§ DIRECTIONS FOR THIS TASK
Repeat the entire listing exactly.

§ MATERIAL PROVIDED
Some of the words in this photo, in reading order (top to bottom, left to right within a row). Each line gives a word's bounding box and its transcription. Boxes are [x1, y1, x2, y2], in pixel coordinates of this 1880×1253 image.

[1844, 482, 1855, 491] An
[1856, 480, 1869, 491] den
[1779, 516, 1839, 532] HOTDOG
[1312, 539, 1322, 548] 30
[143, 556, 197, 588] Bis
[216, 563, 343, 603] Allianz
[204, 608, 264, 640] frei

§ TASK SOLUTION
Some of the words in this photo, in reading order (top to bottom, left to right within a row). Each line gives a word's bounding box and its transcription. Boxes are [x1, y1, x2, y2], in pixel coordinates of this 1880×1253 image.

[1844, 482, 1855, 491] An
[1856, 480, 1869, 491] den
[1779, 516, 1839, 532] HOTDOG
[1312, 539, 1322, 548] 30
[143, 556, 197, 588] Bis
[216, 563, 343, 603] Allianz
[204, 608, 264, 640] frei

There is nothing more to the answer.